L'écrivain, linguiste et traducteur Rodolfo Alpízar Castillo a publié ce vendredi sur Facebook une denonciation ironique sur le débordement des eaux usées au coin de Figueroa et Luis Estévez, dans le quartier Santos Suárez, municipalité de Diez de Octubre, La Havane.
Les premiers mots de son bref post en disent long : « Belles vues touristiques ». Avec cette ironie qui le caractérise, Alpízar a décrit comment les eaux usées « en guise de preuve d'inclusivité, se mêlent sans préjugés à l'eau potable » et a averti qu'« il n'y a plus de rue » à cet endroit du quartier.
Les photographies qui accompagnent le post ne laissent aucune place au doute : de l'eau trouble de couleur vert grisâtre recouvre la chaussée, une plaque d'égout apparaît sans son couvercle métallique et complètement inondée, le pavé présente des fissures et des affaissements sévères, et la végétation pousse parmi les décombres.
Le dénouement fut aussi prévisible que dévastateur : « Ah, j'avais oublié : c'est la faute du blocus. » Avec cette phrase, Alpízar a parodié l'argument que le régime répète comme un mantra face à chaque calamité, des coupures de courant à l'effondrement des transports.
Les internautes ont répondu dans le même ton.
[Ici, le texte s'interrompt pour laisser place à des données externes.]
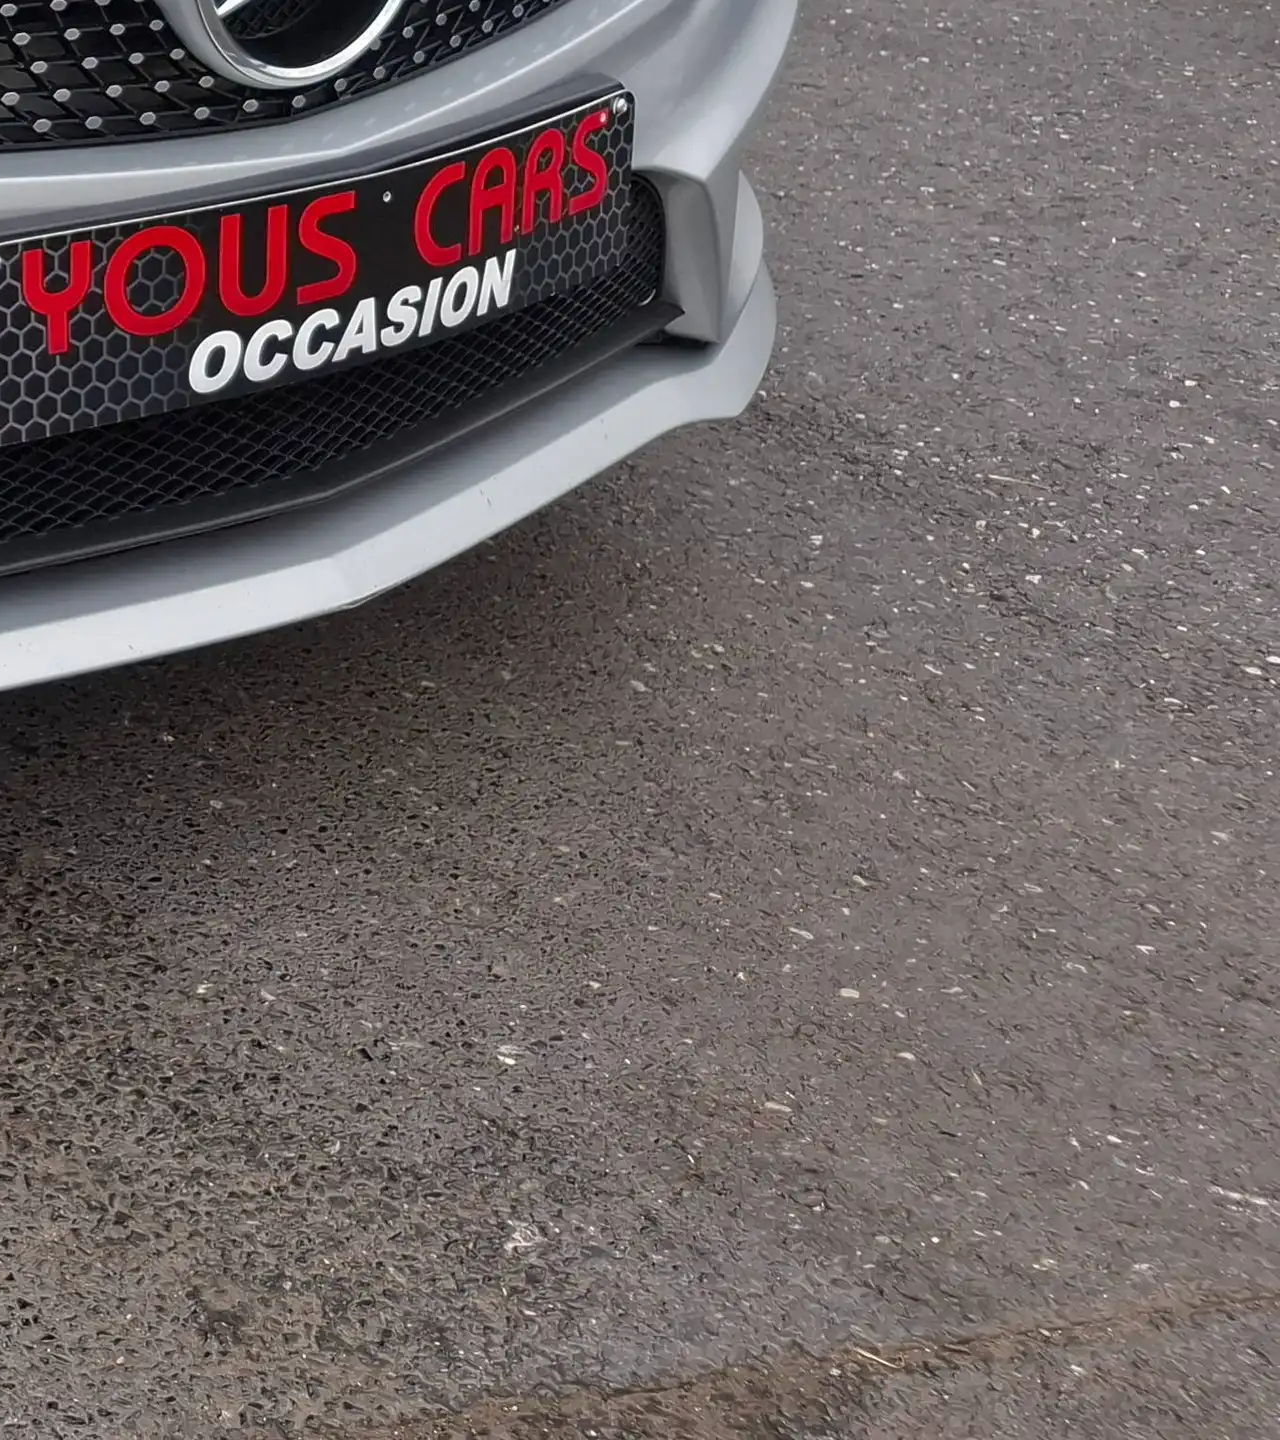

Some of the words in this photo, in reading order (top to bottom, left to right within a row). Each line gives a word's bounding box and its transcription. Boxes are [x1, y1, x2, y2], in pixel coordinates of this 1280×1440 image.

[21, 191, 358, 357] YOUS
[413, 111, 610, 268] CARS
[188, 248, 517, 394] OCCASION
L'un a demandé avec un sarcasme identique : « Avec de si belles ressources, je ne comprends pas pourquoi les touristes ne viennent pas ». Un autre a été plus direct : « Même le blocus a effacé l'intelligence de nombreux dirigeants ».
Ce qu'Alpízar dépeint n'est pas une anecdote ponctuelle, mais le symptôme d'un effondrement structurel. Le système d'assainissement de La Havane a été construit entre 1908 et 1914 pour une ville d'environ 600 000 habitants ; aujourd'hui, il doit desservir environ deux millions de personnes, avec 1 755 kilomètres de canalisations en état d'obsolescence.
Le municipalité Diez de Octubre accumule les coups. Le 20 août, une rupture dans un conduit de 78 pouces de Cuenca Sur a privé d'eau six municipalités de la capitale, y compris celle-ci.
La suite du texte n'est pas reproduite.